What you will do ->
Print every line below exactly as written, but leave the pictures behind.

Start of Dataset extract

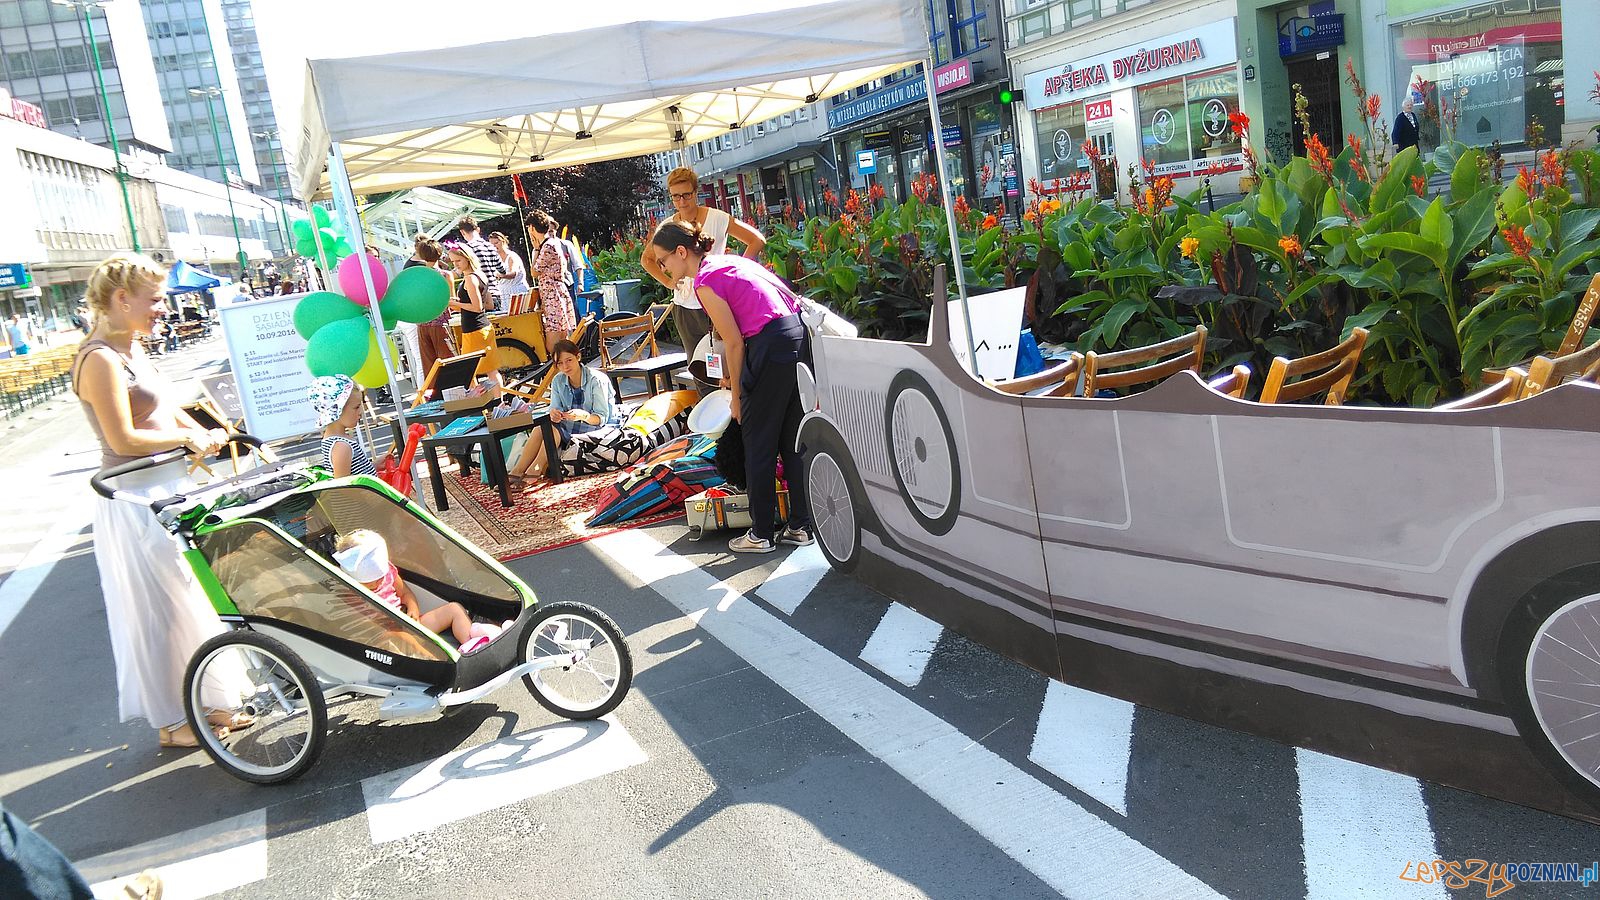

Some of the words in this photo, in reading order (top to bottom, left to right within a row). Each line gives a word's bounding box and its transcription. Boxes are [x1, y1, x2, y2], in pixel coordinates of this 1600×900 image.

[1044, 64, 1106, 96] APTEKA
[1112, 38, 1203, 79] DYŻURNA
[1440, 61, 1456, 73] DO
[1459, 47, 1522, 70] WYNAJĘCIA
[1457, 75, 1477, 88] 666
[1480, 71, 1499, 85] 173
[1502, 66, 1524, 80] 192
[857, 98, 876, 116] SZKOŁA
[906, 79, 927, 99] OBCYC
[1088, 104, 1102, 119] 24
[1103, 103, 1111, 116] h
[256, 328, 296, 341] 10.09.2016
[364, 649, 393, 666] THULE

End of Dataset extract

Written answer ->
Some of the words in this photo, in reading order (top to bottom, left to right within a row). Each line gives a word's bounding box and its transcription. Boxes are [x1, y1, x2, y2], in pixel coordinates of this 1600×900 image.

[1044, 64, 1106, 96] APTEKA
[1112, 38, 1203, 79] DYŻURNA
[1440, 61, 1456, 73] DO
[1459, 47, 1522, 70] WYNAJĘCIA
[1457, 75, 1477, 88] 666
[1480, 71, 1499, 85] 173
[1502, 66, 1524, 80] 192
[857, 98, 876, 116] SZKOŁA
[906, 79, 927, 99] OBCYC
[1088, 104, 1102, 119] 24
[1103, 103, 1111, 116] h
[256, 328, 296, 341] 10.09.2016
[364, 649, 393, 666] THULE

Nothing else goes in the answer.